A Call to Action to Social Movements, Mass Organizations and All Civil Society Groups

October 17, 2005

No Deal in the Hong Kong Ministerial! WTO Out of Food and Agriculture!

With only two months to go before the World Trade Organization’s (WTO) Sixth Ministerial Meeting in Hong Kong, pressure is mounting among WTO delegates to come up with an agreement to save the WTO from the humiliation of yet another round of failed talks. On October 19-20, WTO members will convene in Geneva for the General Council (GC) to take stock of the progress in achieving the so called Doha Development Round. The Doha Round was launched in November 2001 and most negotiations were expected to be final by January 2005.

Although current negotiations appear deadlocked in all the main negotiating areas--agriculture, services and non agricultural market access (NAMA)—there are serious possibilities that through clever maneuvering and opportunistic deal making, the trade majors (particularly the US and the EU) with help from some developing countries (particularly India and Brazil) will attempt to push through a trade deal that will provide big gains to national and transnational corporations and highly skilled professionals from developed and developing countries, but which will prove disastrous to the majority of the peoples and communities of the world, especially farmers, fisher-folk, workers, migrants and other vulnerable groups.

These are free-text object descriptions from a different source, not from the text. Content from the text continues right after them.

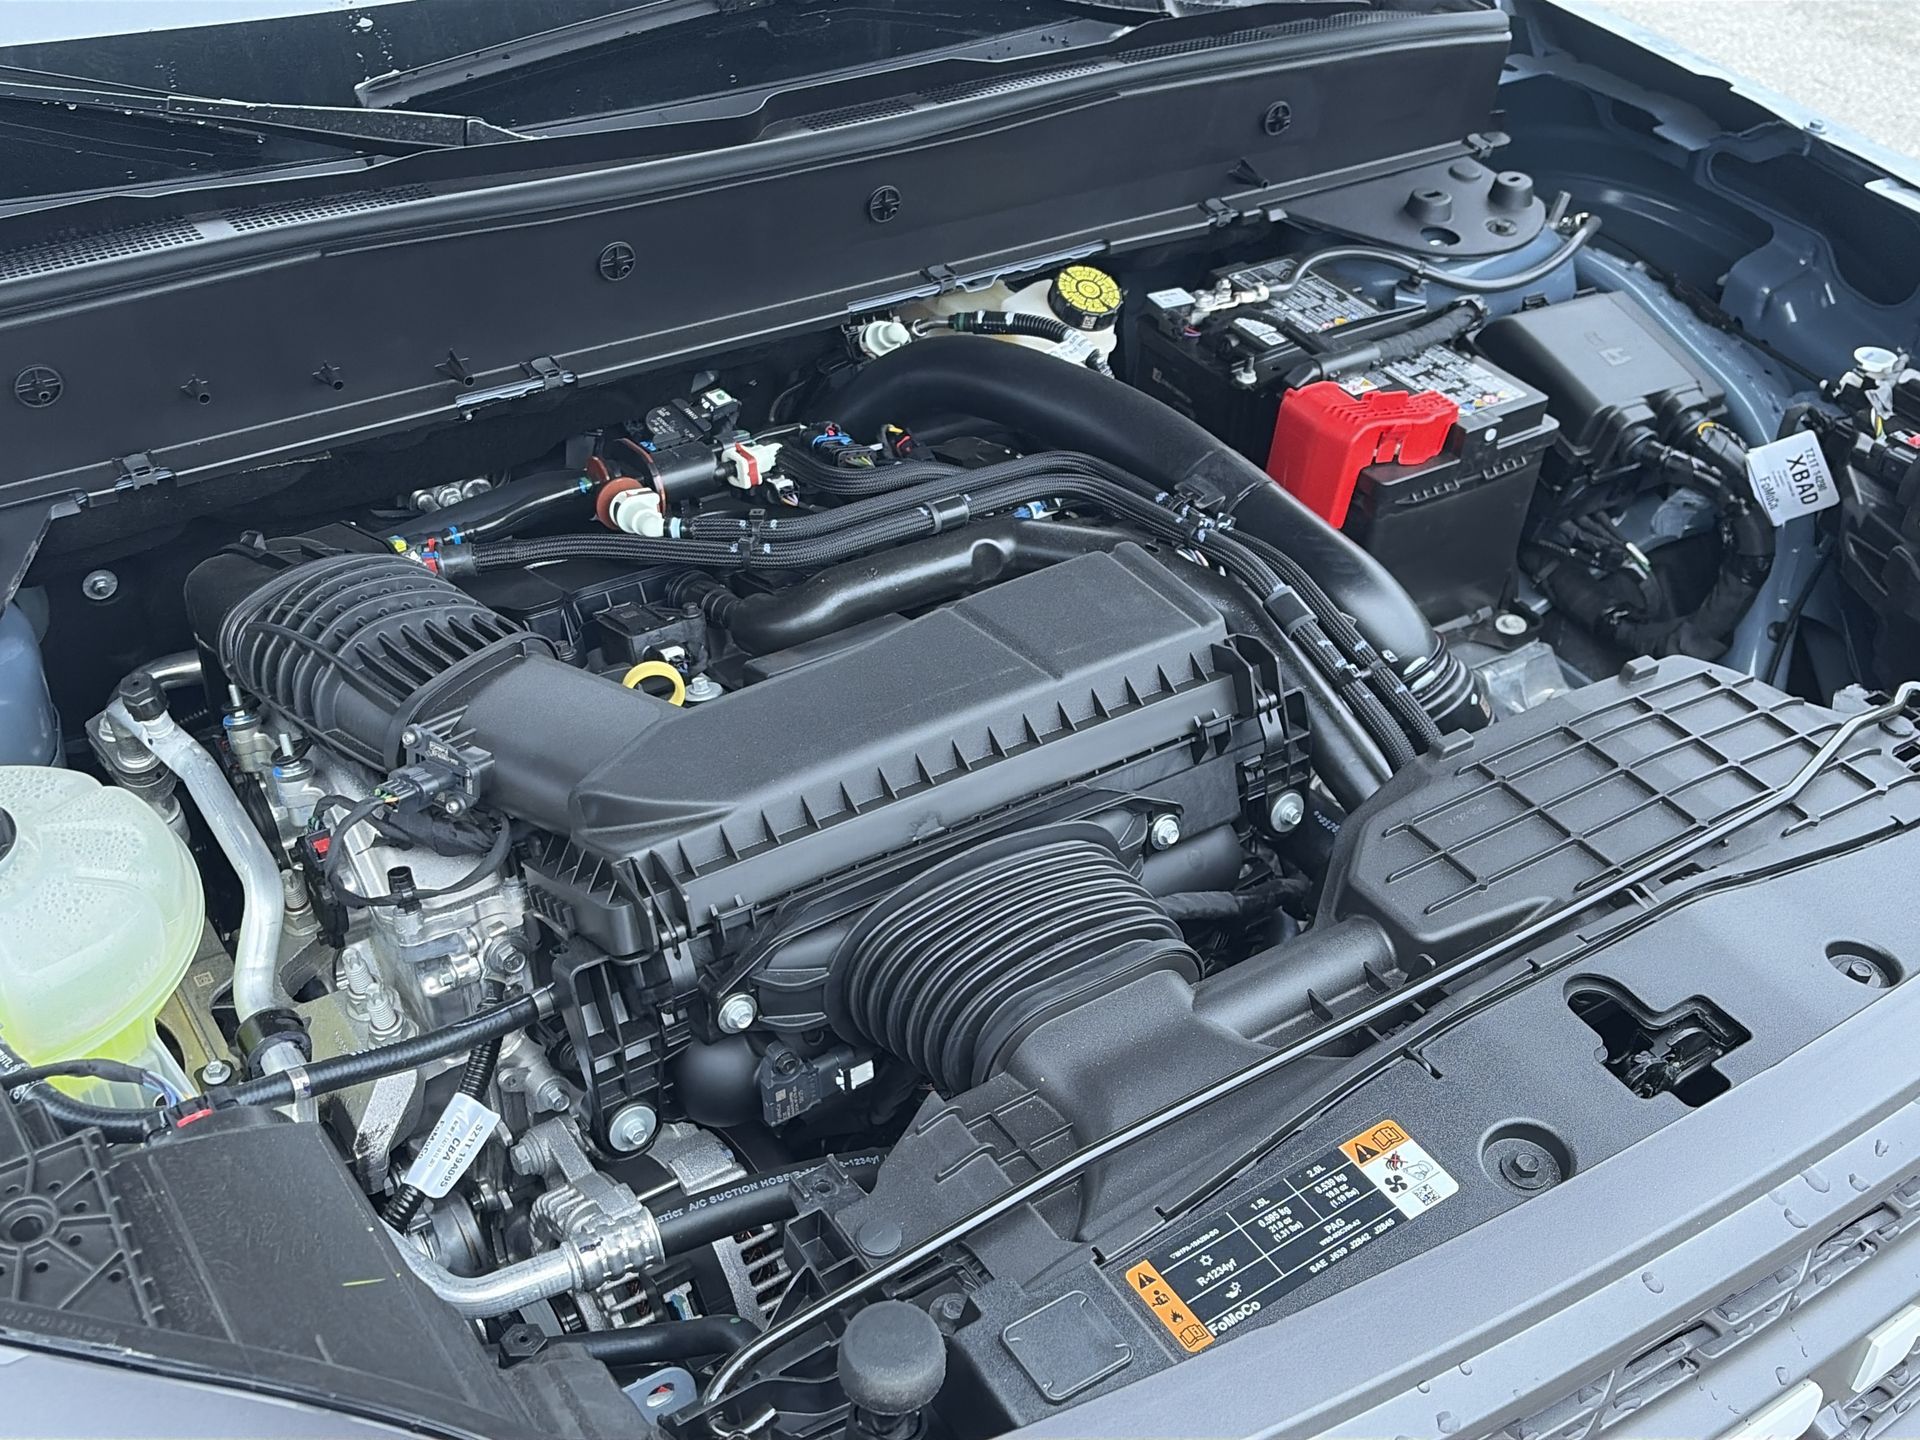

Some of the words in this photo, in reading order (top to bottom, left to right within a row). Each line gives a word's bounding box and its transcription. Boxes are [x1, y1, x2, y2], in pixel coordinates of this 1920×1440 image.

[1786, 454, 1819, 505] XBAD
[442, 1137, 461, 1161] CBA
[440, 1151, 467, 1188] 19A095
[1306, 1164, 1327, 1178] 2.0L
[688, 1198, 707, 1212] A/C
[709, 1182, 759, 1206] SUCTION
[761, 1173, 791, 1189] HOSE
[1314, 1177, 1337, 1194] 0.539
[1333, 1173, 1348, 1183] kg
[1325, 1187, 1341, 1199] 19.0
[1339, 1183, 1349, 1192] oz
[1344, 1187, 1360, 1199] lbs)
[1250, 1197, 1271, 1211] 1.5L
[1258, 1210, 1281, 1228] 0.595
[1278, 1206, 1292, 1216] kg
[1268, 1220, 1284, 1234] 21.0
[1282, 1216, 1293, 1225] oz
[1288, 1220, 1304, 1233] lbs)
[1323, 1217, 1346, 1234] PAG
[1309, 1258, 1329, 1273] SAE
[1329, 1246, 1348, 1262] J639
[1349, 1232, 1372, 1250] J2842
[1373, 1217, 1396, 1235] J2845
[1196, 1257, 1237, 1287] R-1234yf
[1207, 1301, 1261, 1336] FoMoCo

Deal-making Through Exclusive Groups, and Divide and Rule

Negotiations are continuing in their usual non-transparent and top down manner, with countries forging new temporary alliances to suit their negotiating interests. There is now a new power equation in the negotiations: the "new QUAD" which consists of the US, EU, Brazil and India, with Brazil and India putting themselves up as defenders of the interests of developing countries in all areas of negotiations. Brazil and India sold out the interests of peoples when accepting the July Framework in 2004 and we fear that the same will happen again.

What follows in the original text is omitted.